— What to work on —
Beginning with the line where "this 1418×1416 image." occurs, transcribe every line exactly through the last line of the listing below, and no others.
━━━━━━━━
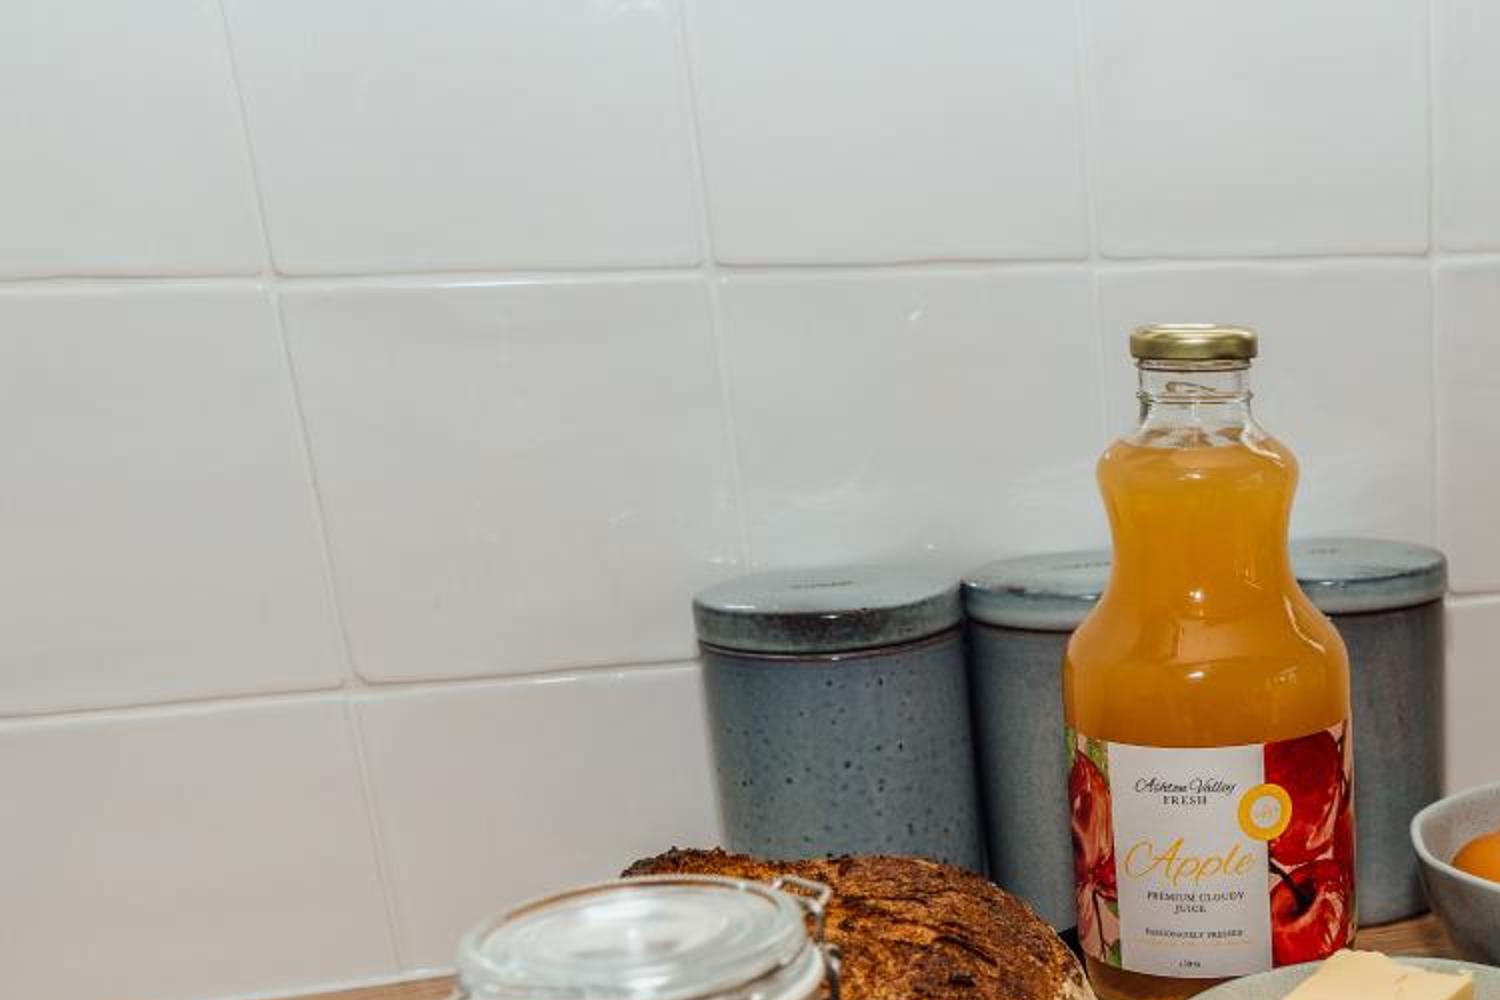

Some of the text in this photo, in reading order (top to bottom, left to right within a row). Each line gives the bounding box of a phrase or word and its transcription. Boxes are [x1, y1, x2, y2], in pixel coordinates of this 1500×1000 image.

[1134, 777, 1239, 796] Ashton Valley
[1162, 795, 1207, 806] FRESH
[1121, 836, 1258, 887] Apple
[1147, 890, 1196, 902] PREMIUM
[1173, 904, 1207, 915] JUICE
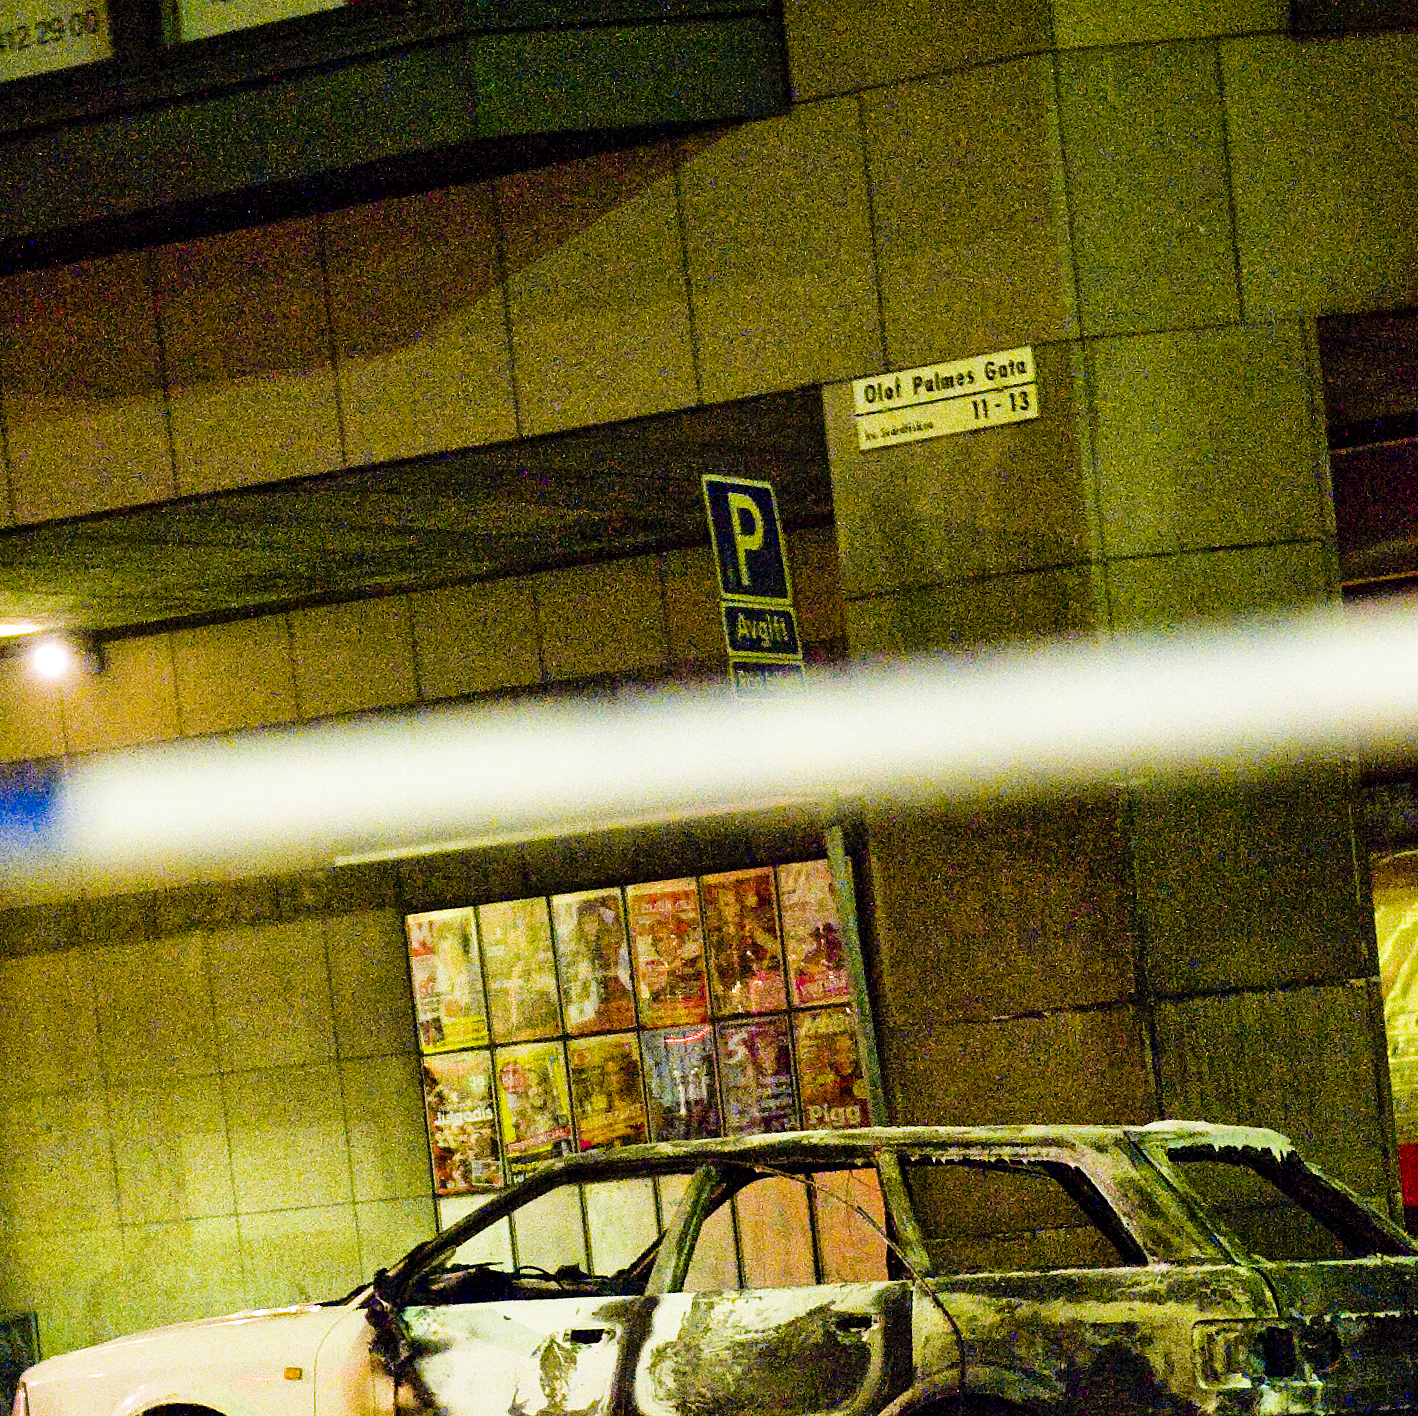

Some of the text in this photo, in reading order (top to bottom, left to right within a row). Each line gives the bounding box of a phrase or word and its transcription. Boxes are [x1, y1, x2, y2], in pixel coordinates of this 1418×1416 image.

[863, 358, 1027, 404] Olof Palmes Gata
[727, 492, 766, 586] P
━━━━━━━━
— Written solution —
Some of the text in this photo, in reading order (top to bottom, left to right within a row). Each line gives the bounding box of a phrase or word and its transcription. Boxes are [x1, y1, x2, y2], in pixel coordinates of this 1418×1416 image.

[863, 358, 1027, 404] Olof Palmes Gata
[727, 492, 766, 586] P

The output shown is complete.